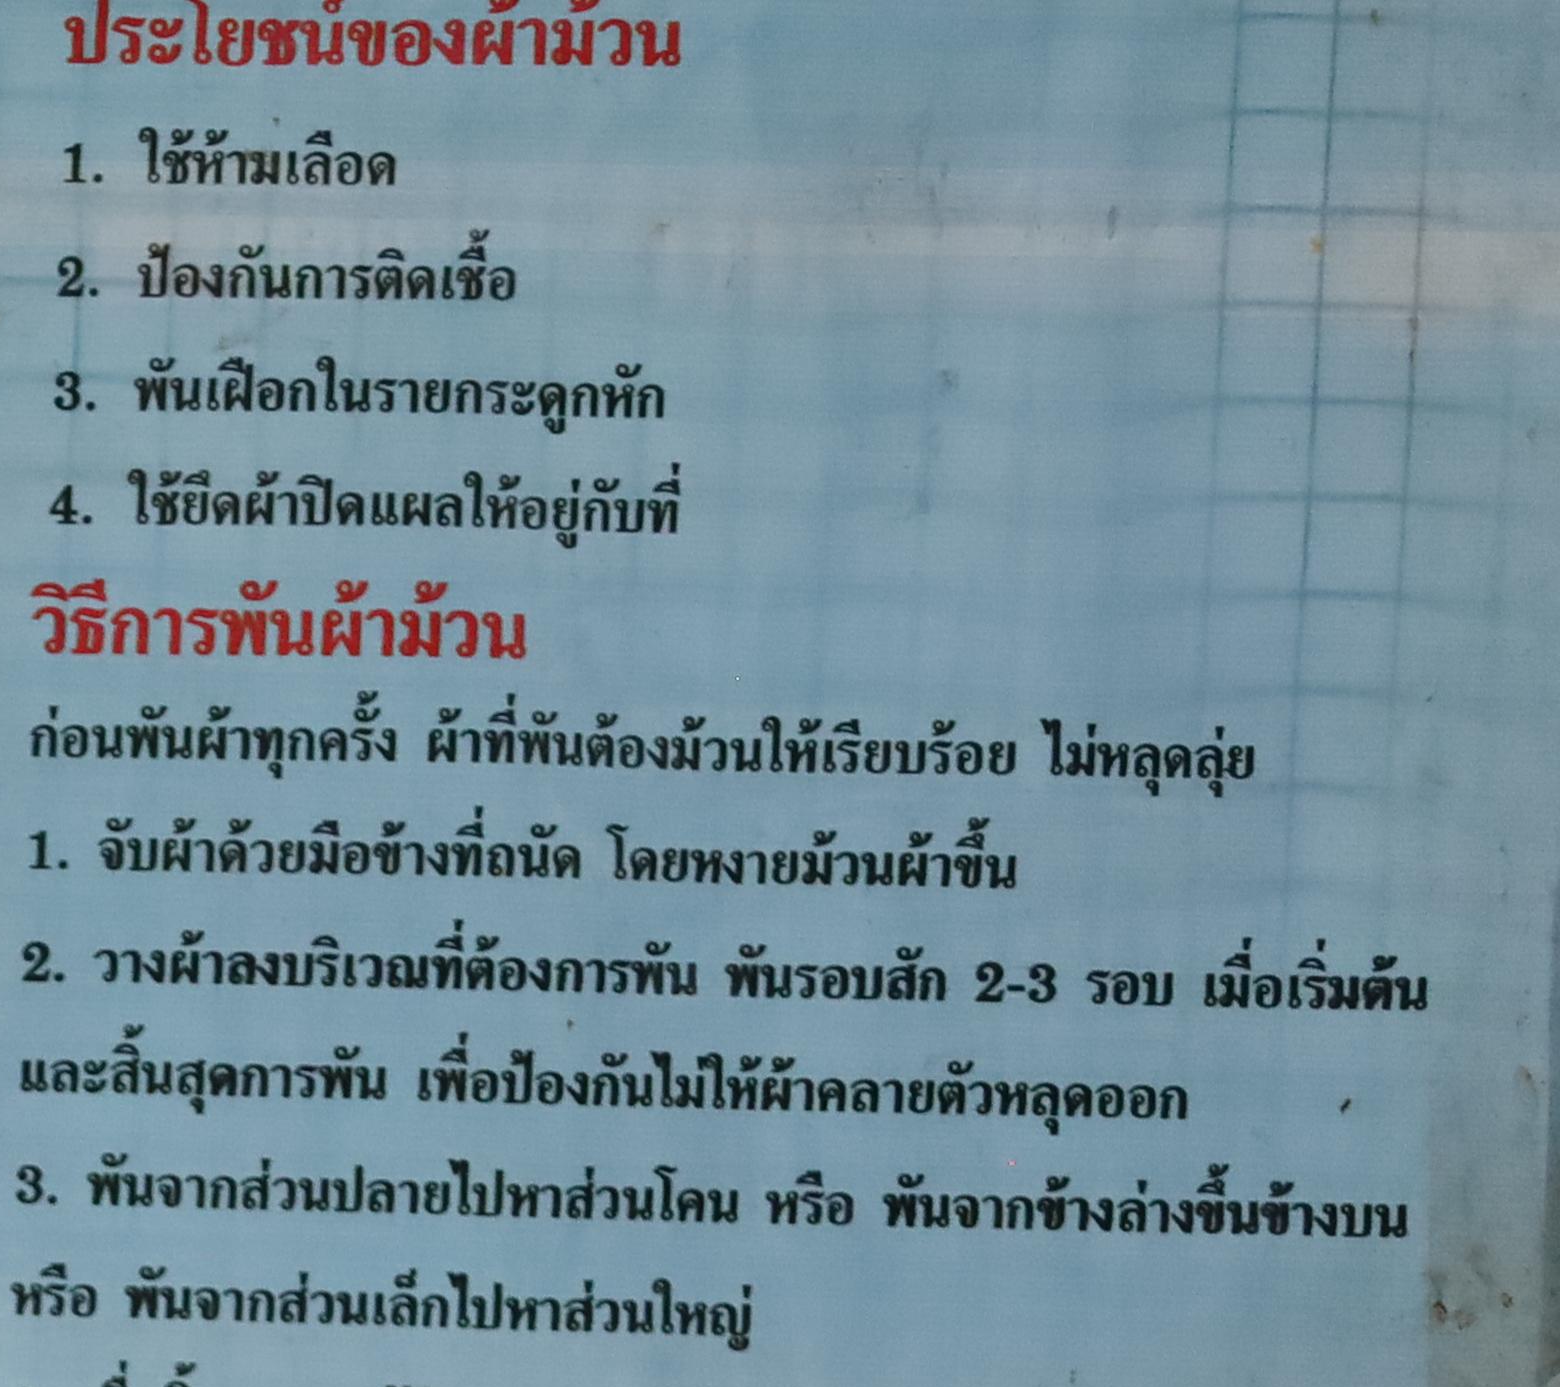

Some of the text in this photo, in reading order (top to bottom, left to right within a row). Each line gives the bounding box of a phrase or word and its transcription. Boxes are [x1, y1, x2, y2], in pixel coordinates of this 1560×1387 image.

[63, 125, 397, 187] 1. ใช้ห้ามเลือด
[56, 228, 517, 303] 2. ป้องกันการติดเชื้อ
[52, 354, 666, 436] 3. พันเฝือกในรายกระดูกหัก
[48, 461, 682, 551] 4. ใช้ยึดผ้าปิดแผลให้อยู่กับที่
[30, 577, 527, 660] วิธีการพันผ้าม้วน
[29, 689, 1256, 799] ก่อนพันผ้าทุกครั้ง ผ้าที่พันต้องม้วนให้เรียบร้อย ไม่หลุดลุ่ย
[28, 804, 1018, 890] 1. จับผ้าด้วยมือข้างที่ถนัด โดยหงายม้วนผ้าขึ้น
[21, 917, 1429, 1012] 2. วางผ้าลงบริเวณที่ต้องการพัน พันรอบสัก 2-3 รอบ เมื่อเริ่มต้น
[19, 1023, 1189, 1137] และสิ้นสุดการพัน เพื่อป้องกันไม่ให้ผ้าคลายตัวหลุดออก
[14, 1151, 1409, 1240] 3. พันจากส่วนปลายไปหาส่วนโคน หรือ พันจากข้างล่างขึ้นข้างบน
[9, 1261, 753, 1353] หรือ พันจากส่วนเล็กไปหาส่วนใหญ่

☆ ☆ ☆ ☆

> _What is being asked_: Would you restate the records above word for word and exclude the pictures?

> _Result_:
Some of the text in this photo, in reading order (top to bottom, left to right within a row). Each line gives the bounding box of a phrase or word and its transcription. Boxes are [x1, y1, x2, y2], in pixel coordinates of this 1560×1387 image.

[63, 125, 397, 187] 1. ใช้ห้ามเลือด
[56, 228, 517, 303] 2. ป้องกันการติดเชื้อ
[52, 354, 666, 436] 3. พันเฝือกในรายกระดูกหัก
[48, 461, 682, 551] 4. ใช้ยึดผ้าปิดแผลให้อยู่กับที่
[30, 577, 527, 660] วิธีการพันผ้าม้วน
[29, 689, 1256, 799] ก่อนพันผ้าทุกครั้ง ผ้าที่พันต้องม้วนให้เรียบร้อย ไม่หลุดลุ่ย
[28, 804, 1018, 890] 1. จับผ้าด้วยมือข้างที่ถนัด โดยหงายม้วนผ้าขึ้น
[21, 917, 1429, 1012] 2. วางผ้าลงบริเวณที่ต้องการพัน พันรอบสัก 2-3 รอบ เมื่อเริ่มต้น
[19, 1023, 1189, 1137] และสิ้นสุดการพัน เพื่อป้องกันไม่ให้ผ้าคลายตัวหลุดออก
[14, 1151, 1409, 1240] 3. พันจากส่วนปลายไปหาส่วนโคน หรือ พันจากข้างล่างขึ้นข้างบน
[9, 1261, 753, 1353] หรือ พันจากส่วนเล็กไปหาส่วนใหญ่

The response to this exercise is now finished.